Florian, Conducteur de bloc nucléaire « Le recours aux procédures permet d’optimiser les ressources et de gagner en vigilance »
Dans une centrale nucléaire, derrière chaque réacteur, deux conducteurs assurent le pilotage 24 heures sur 24. Les décisions se prennent-elles différemment en fonction de l’état de fonctionnement du réacteur ? Pourquoi dans un état incidentel fait-on plus confiance aux procédures qu’aux décisions humaines ? Témoignage.
Conducteur de bloc nucléaire, en quoi cela consiste-t-il ?
Dans une centrale de production d’électricité, le conducteur de bloc nucléaire (opérateur) travaille dans la salle de commande, et a pour rôle de piloter un réacteur. Il est donc en position de surveillance tant que le réacteur est dans un état normal de fonctionnement, et doit intervenir dès qu’un signe de dysfonctionnement est décelé.

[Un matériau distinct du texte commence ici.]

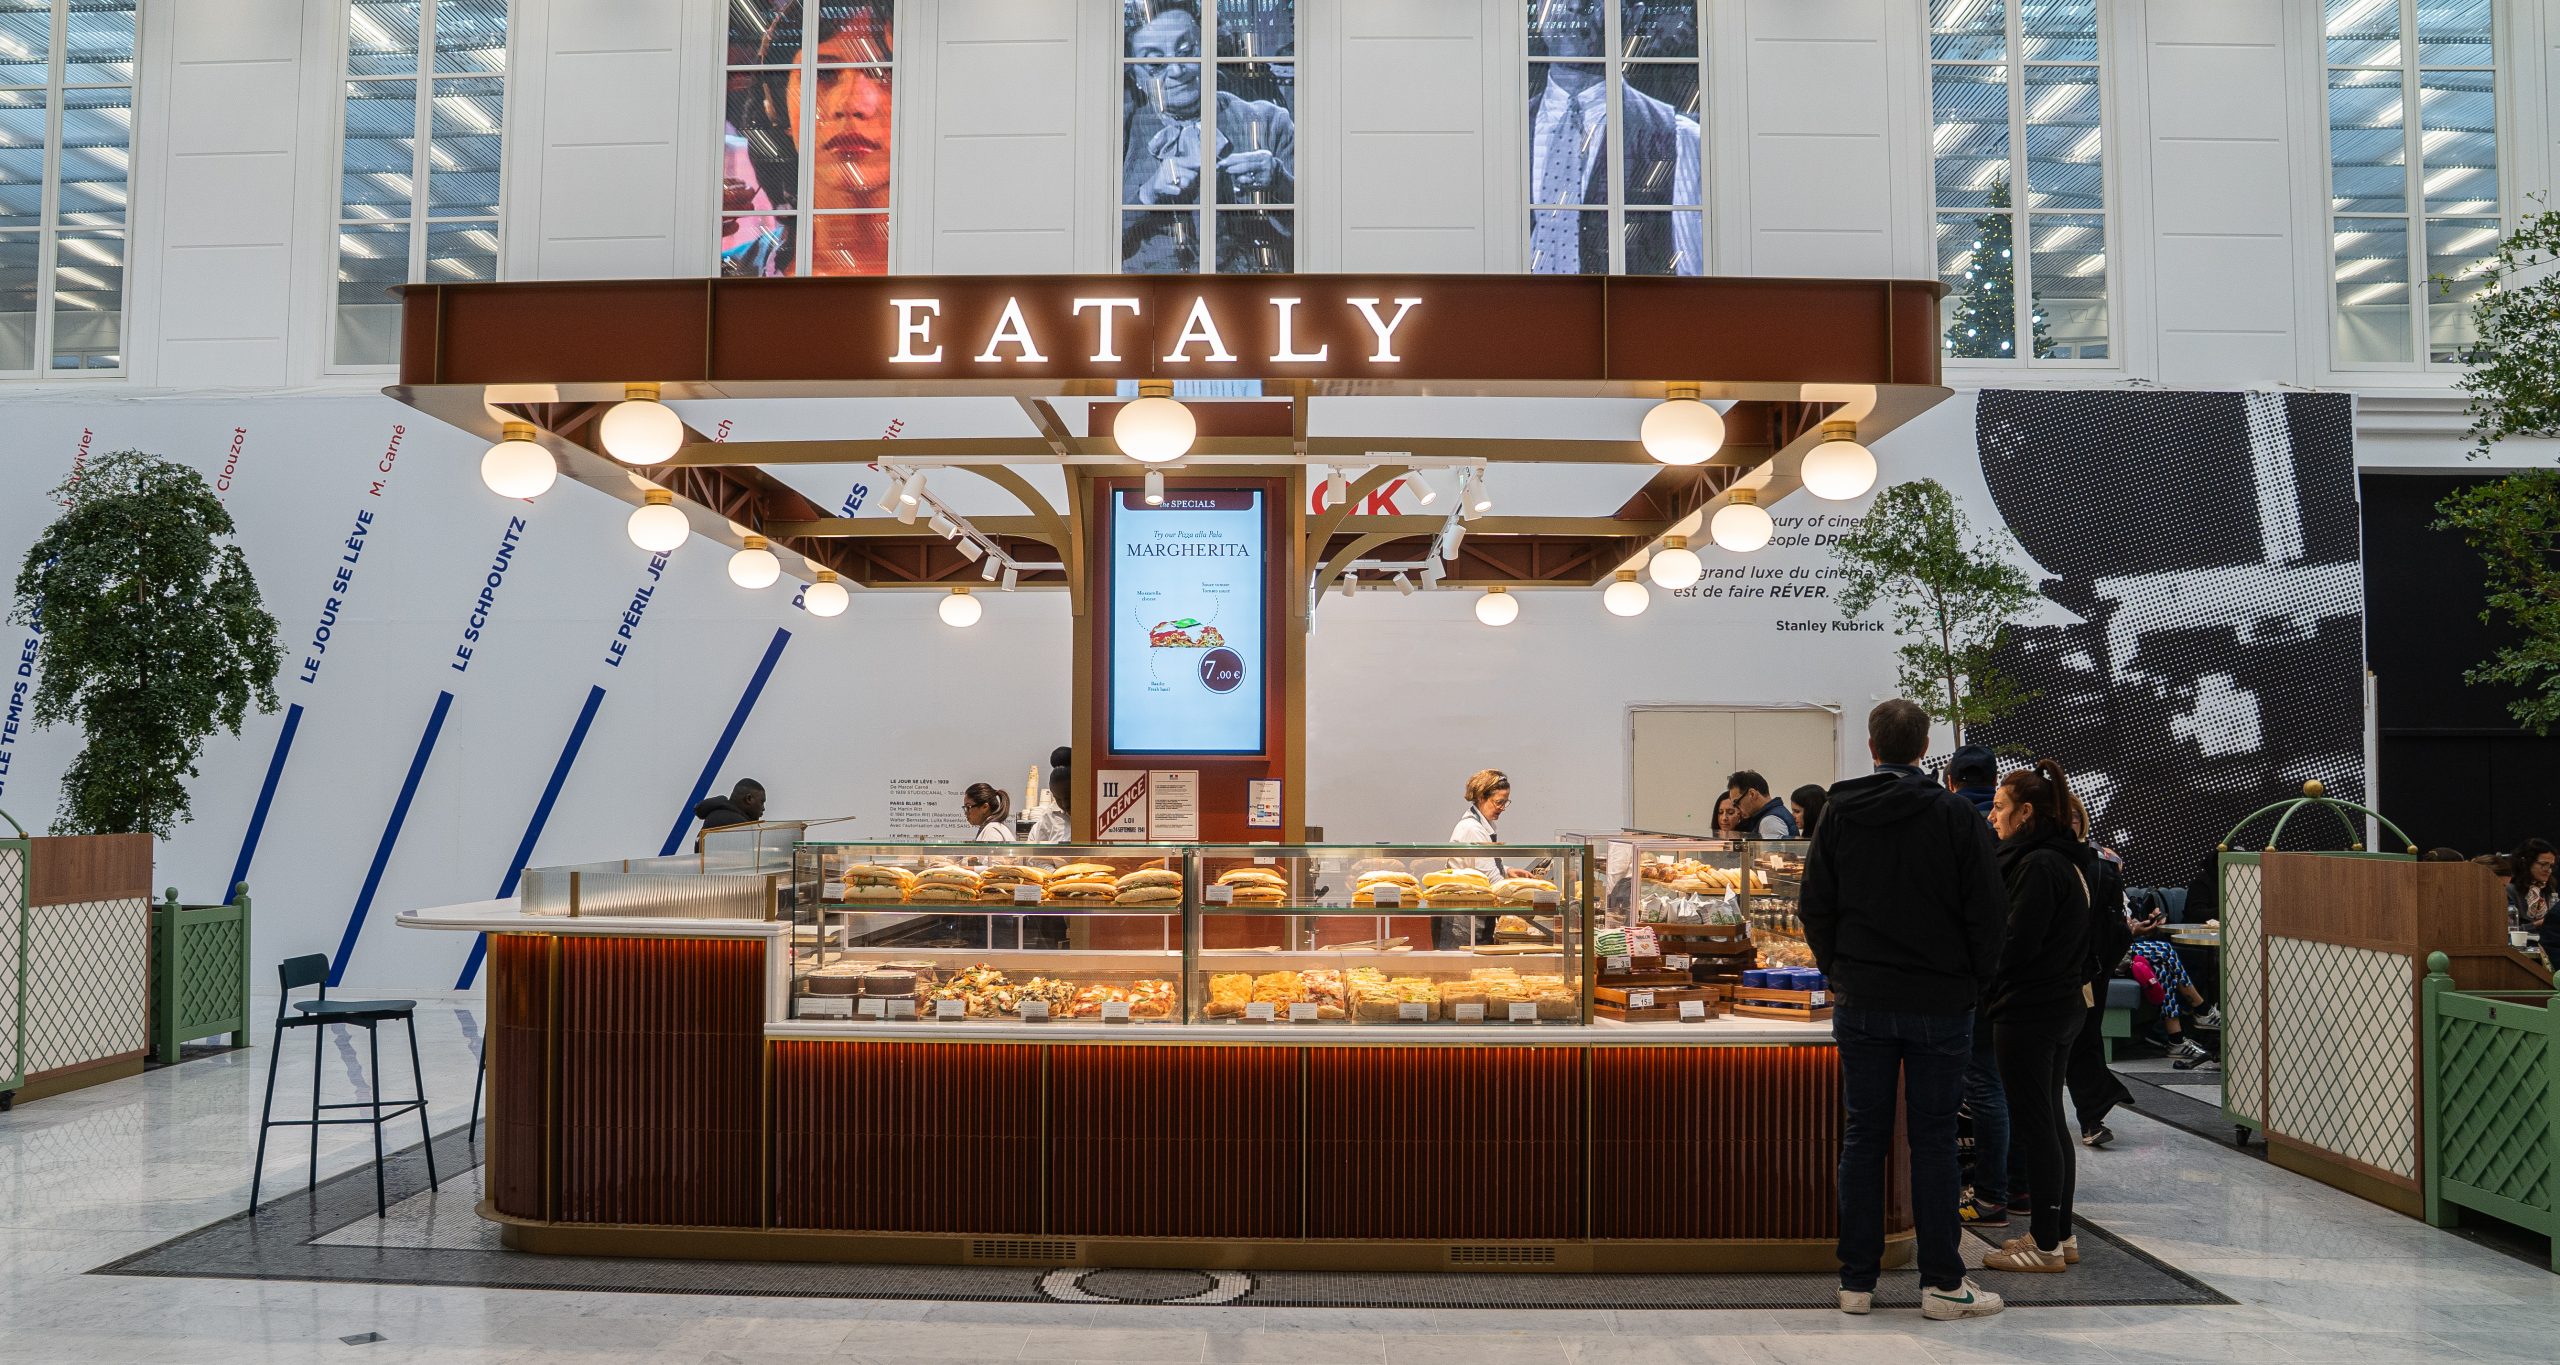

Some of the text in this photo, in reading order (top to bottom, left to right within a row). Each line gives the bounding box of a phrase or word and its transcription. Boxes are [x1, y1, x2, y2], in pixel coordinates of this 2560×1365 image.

[888, 295, 1423, 363] EATALY
[217, 426, 247, 491] Clouzot
[1171, 500, 1216, 508] SPECIALS
[1807, 514, 1825, 527] of
[1154, 530, 1163, 540] Try
[1178, 530, 1193, 539] Pizza
[1195, 530, 1206, 538] alla
[1209, 530, 1222, 538] Pala
[1767, 535, 1811, 549] eople
[300, 424, 406, 684] LE JOUR SE LÈVE M. Carné
[1126, 543, 1250, 557] MARGHERITA
[1750, 565, 1784, 579] luxe
[1789, 565, 1809, 579] du
[451, 516, 527, 672] LE SCHPOUNTZ
[1673, 586, 1698, 598] est
[1703, 585, 1723, 598] de
[1728, 585, 1765, 598] faire
[605, 550, 673, 668] LE PÉRIL JEU
[1776, 619, 1885, 634] Stanley Kubrick
[1234, 671, 1241, 680] €
[1, 681, 28, 745] TEMPS
[18, 638, 39, 678] DES
[1103, 782, 1119, 797] III
[1100, 777, 1145, 833] LICENCE

En cas de dysfonctionnement, sur quoi se fondent vos décisions ?
Lors d’un dysfonctionnement, les modalités de décision dépendent de l’écart-type que l’on constate entre la situation à laquelle on est confronté et le scénario de fonctionnement normal.

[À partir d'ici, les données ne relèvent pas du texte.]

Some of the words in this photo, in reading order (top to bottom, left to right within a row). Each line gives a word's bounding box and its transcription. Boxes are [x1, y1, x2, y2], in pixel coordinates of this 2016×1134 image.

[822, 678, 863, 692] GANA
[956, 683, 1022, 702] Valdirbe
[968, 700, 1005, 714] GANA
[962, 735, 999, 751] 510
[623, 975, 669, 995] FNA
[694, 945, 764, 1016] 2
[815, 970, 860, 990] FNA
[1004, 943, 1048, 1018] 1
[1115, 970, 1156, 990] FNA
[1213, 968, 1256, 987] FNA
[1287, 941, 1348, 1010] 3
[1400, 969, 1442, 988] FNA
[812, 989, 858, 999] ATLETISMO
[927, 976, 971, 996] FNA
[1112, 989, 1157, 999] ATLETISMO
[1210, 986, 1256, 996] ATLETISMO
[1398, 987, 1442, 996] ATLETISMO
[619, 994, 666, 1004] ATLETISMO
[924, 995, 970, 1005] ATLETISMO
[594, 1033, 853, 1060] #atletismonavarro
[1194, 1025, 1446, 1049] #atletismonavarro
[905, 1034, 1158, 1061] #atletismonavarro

Ainsi, de façon schématique, on distingue trois états : l’état normal ; l’état incidentel, cas exceptionnel caractérisé le plus souvent par des alarmes spécifiques et où les décisions dépendent de l’application de procédures d’urgence ; et enfin, un ensemble de situations intermédiaires qui ne représentent qu’une très faible partie du temps de production, et où l’intervention humaine est essentielle.
Pouvez-vous expliciter ces situations intermédiaires ?
Ces dernières appartiennent à une zone où la sûreté du réacteur n’est pas compromise, mais où la disponibilité peut être remise en question ! C’est exactement dans cet état que la prise de décision en temps réel a toute son importance. La capacité de l’opérateur à détecter les anomalies et à les gérer en temps donné y est primordiale.
Dans ces cas, afin de prendre les décisions les plus judicieuses, il faut d’abord considérer un maximum de paramètres pour obtenir l’image la plus fiable possible du dysfonctionnement. L’intérêt de cette démarche est d’intégrer des éléments inter-dépendants au lieu de concentrer l’attention sur le seul critère qui nous a alerté initialement.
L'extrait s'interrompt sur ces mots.